Peripheral neuropathy associated with acquired immunodeficiency syndrome. Prevalence and clinical features from a population-based survey

Abstract

We prospectively studied 40 hospitalized patients who had well-established diagnoses of acquired immunodeficiency syndrome. Patients with confounding risk factors for neuropathy were excluded; none of the study patients had known vitamin deficiency, alcoholism, or any metabolic, drug, or toxic factor. Clinical and electrophysiologic evidence of a distal symmetric polyneuropathy was found in 35% (13/37) of the patients. Symptoms and signs of neuropathy were usually mild, and painful dysesthesias were uncommon. Amplitude reduction of sural nerve action potentials distinguished all patients with from those without clinical neuropathy. Results of other electrophysiologic studies of sural, peroneal, and median nerves were typically normal.

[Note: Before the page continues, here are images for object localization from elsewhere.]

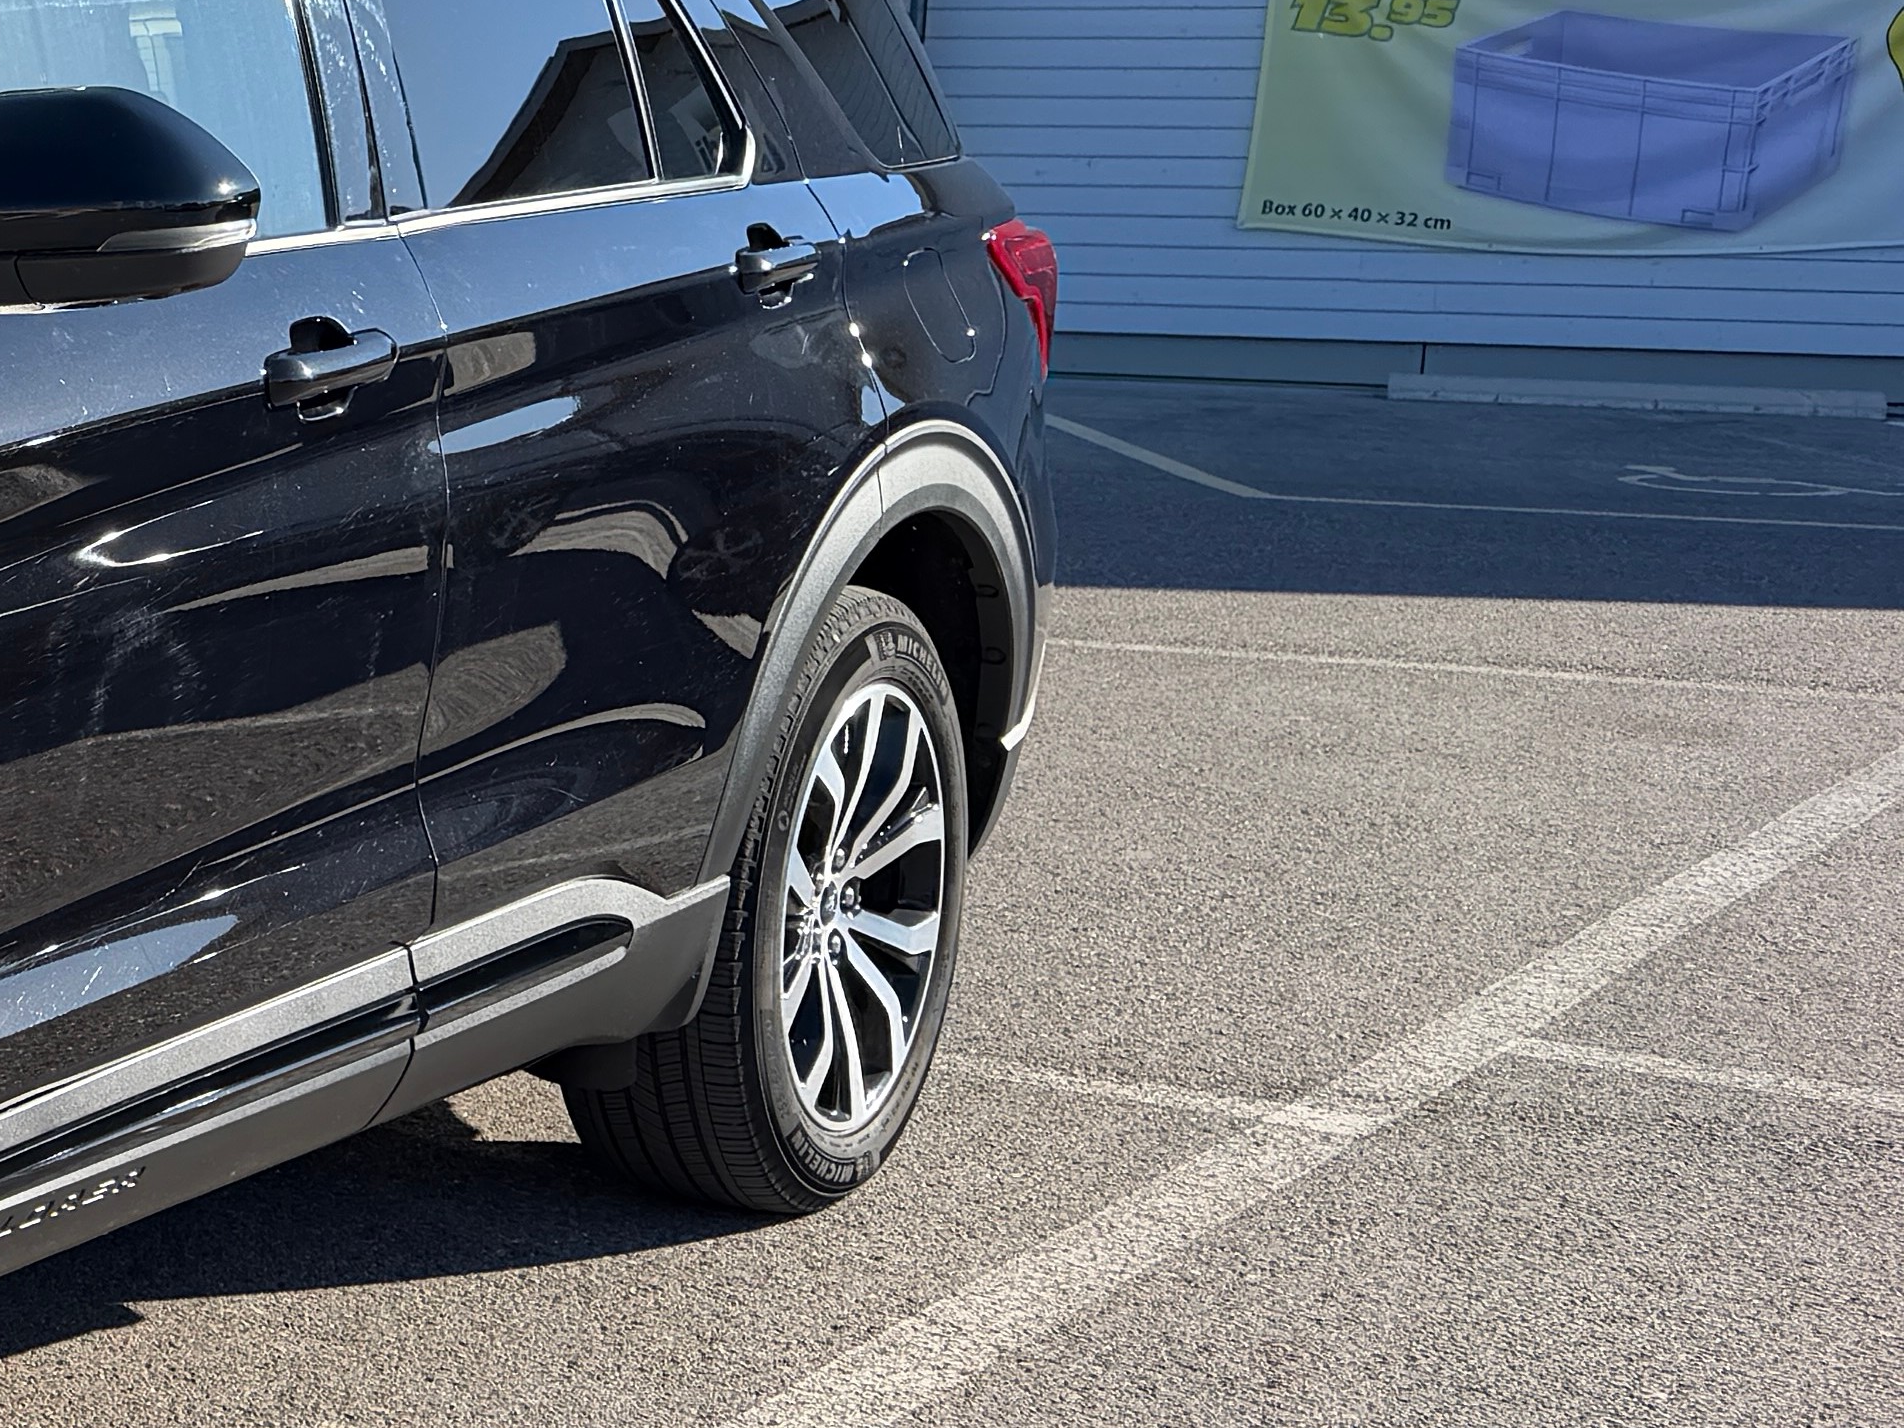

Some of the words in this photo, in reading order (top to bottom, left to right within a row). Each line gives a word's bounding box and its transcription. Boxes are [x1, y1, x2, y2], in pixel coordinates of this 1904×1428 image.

[1261, 199, 1297, 216] Box
[1301, 202, 1326, 219] 60
[1347, 207, 1373, 223] 40
[1394, 211, 1419, 228] 32
[1424, 217, 1452, 230] cm
[896, 633, 950, 701] MICHELIN
[792, 1129, 855, 1183] MICHELIN
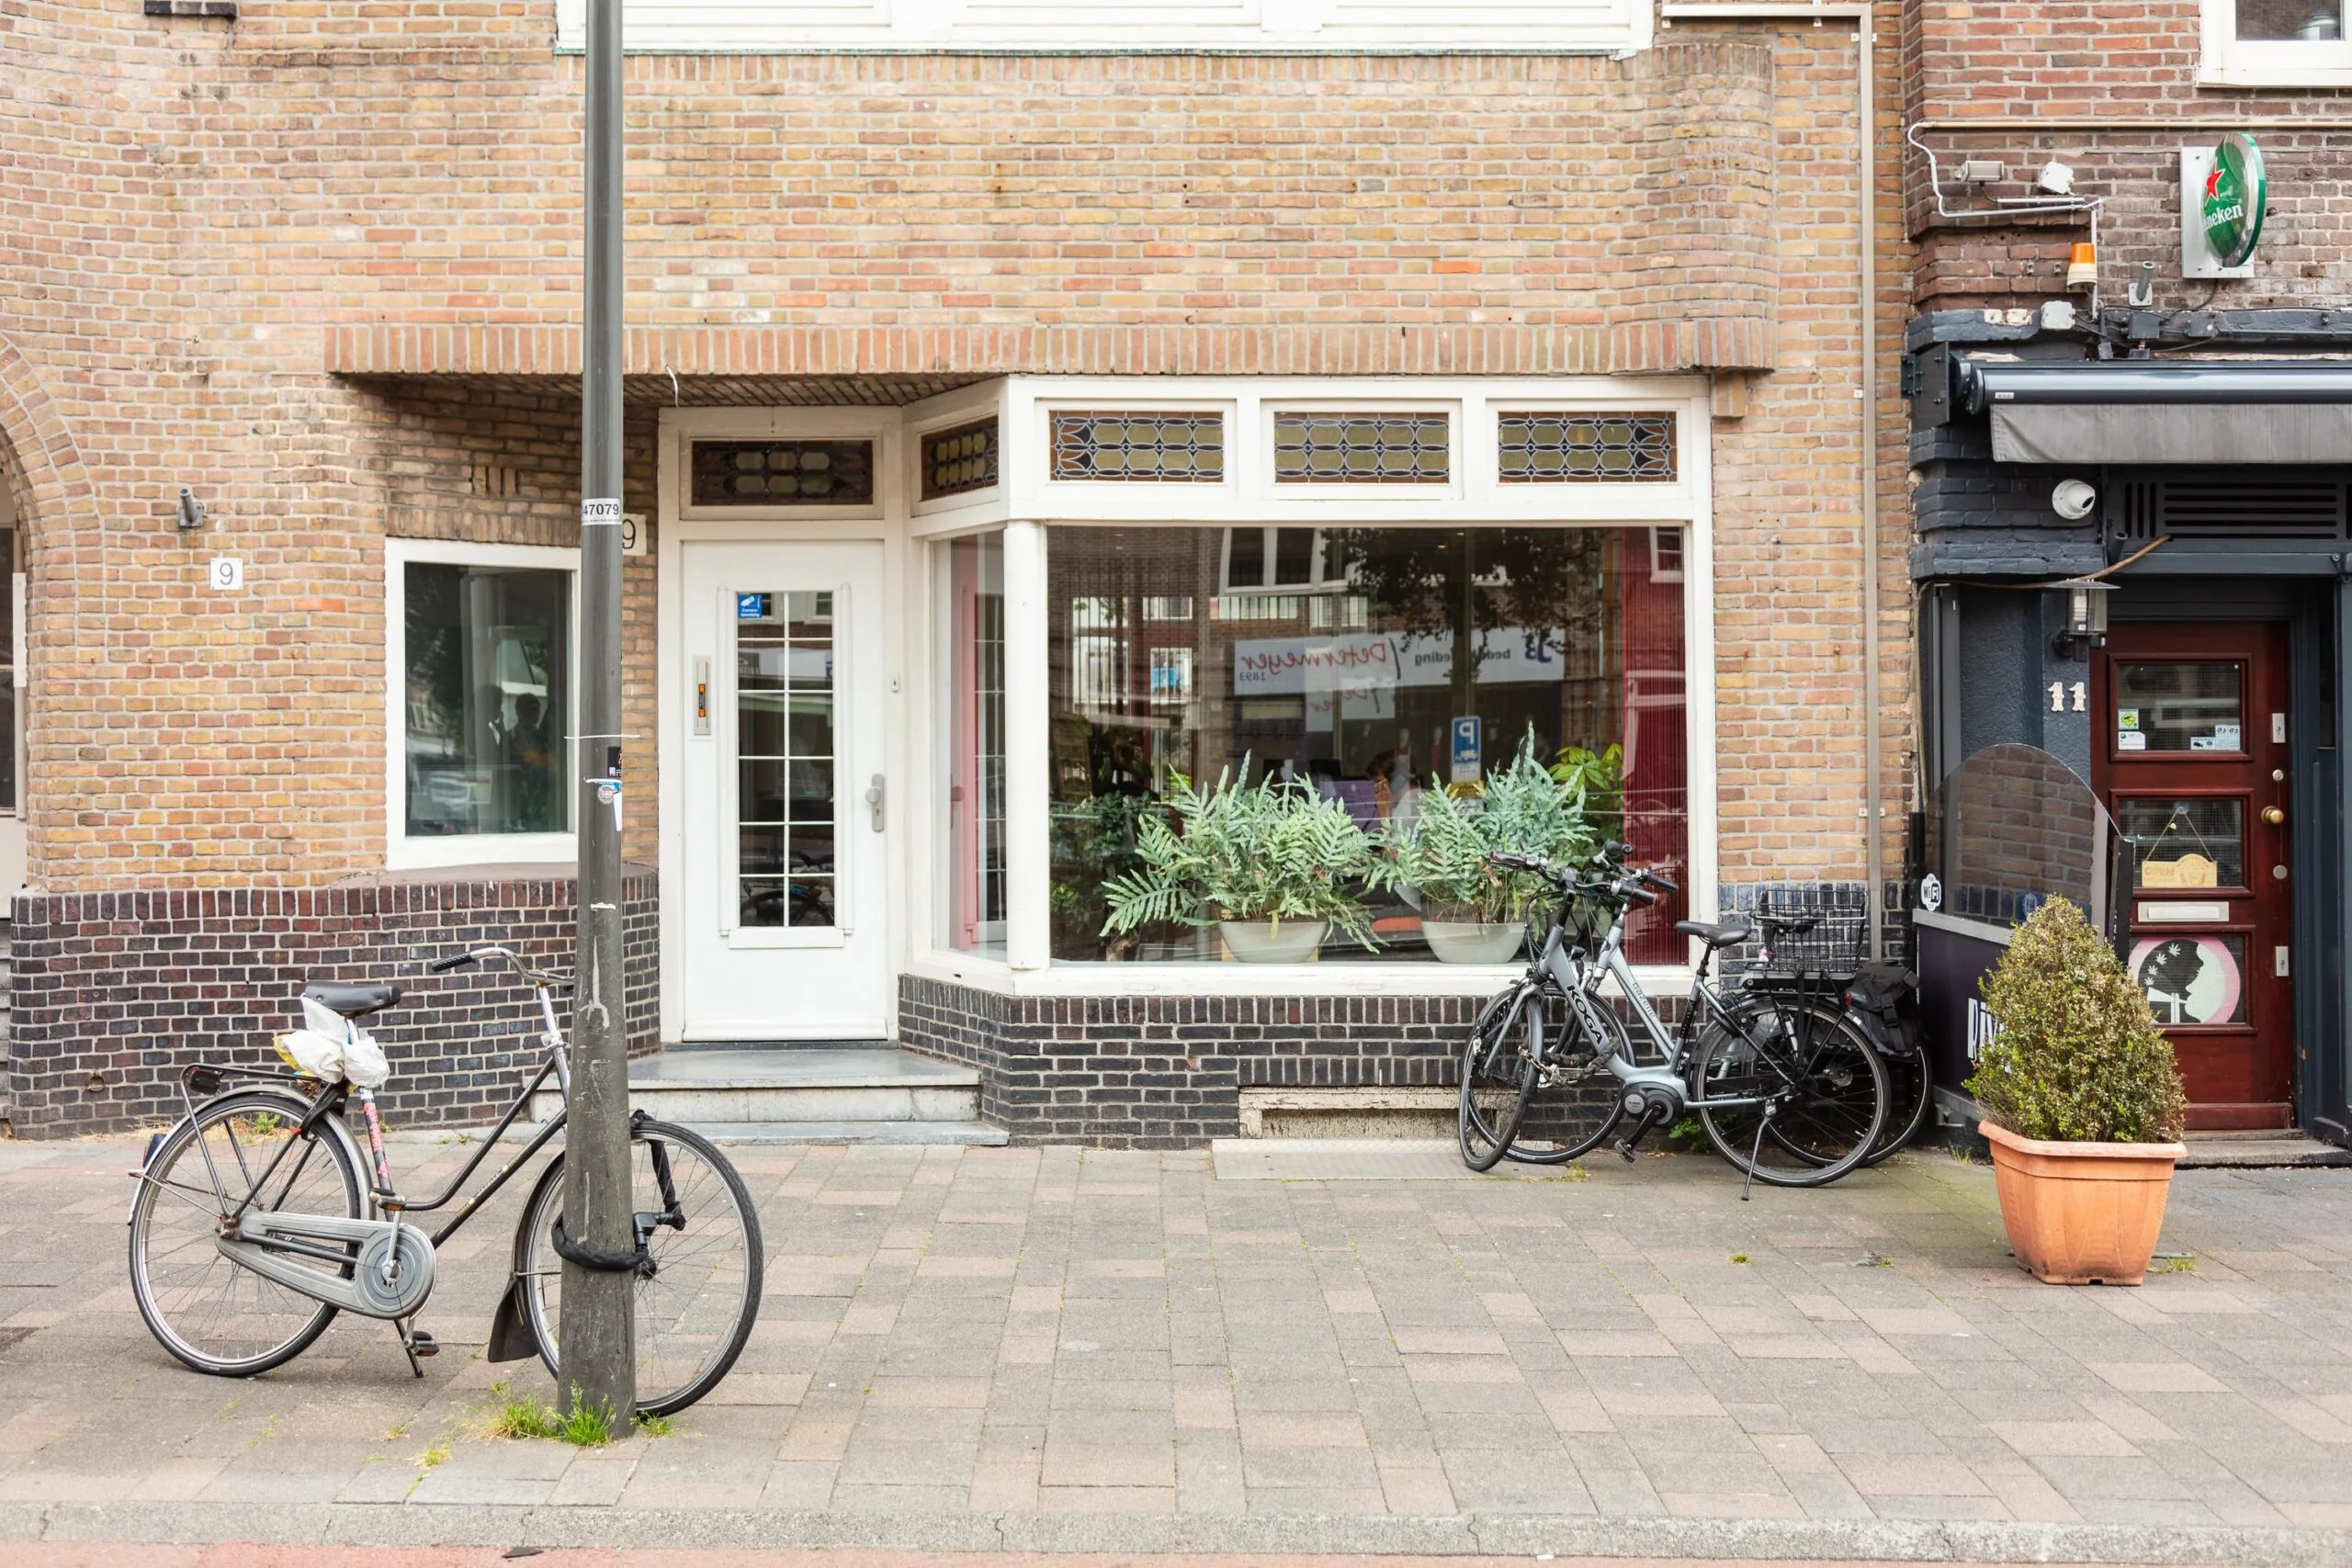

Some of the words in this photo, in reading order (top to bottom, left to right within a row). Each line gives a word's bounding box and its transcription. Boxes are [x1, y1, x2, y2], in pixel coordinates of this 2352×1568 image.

[582, 503, 619, 515] 47079
[622, 518, 637, 549] 9
[220, 562, 233, 586] 9
[2047, 682, 2086, 712] 11
[1566, 985, 1603, 1045] KOGA

These results provide evidence of distal axonal degeneration. Neuropathy occurred only in patients with systemic illness longer than five months' duration. When compared with patients without neuropathy, these patients had more severe weight loss and a higher incidence of clinical dementia. Follow-up evaluation showed no evidence of clinical progression over a six-month period. The pathogenesis of this common distal axonal polyneuropathy is unknown and warrants further investigation.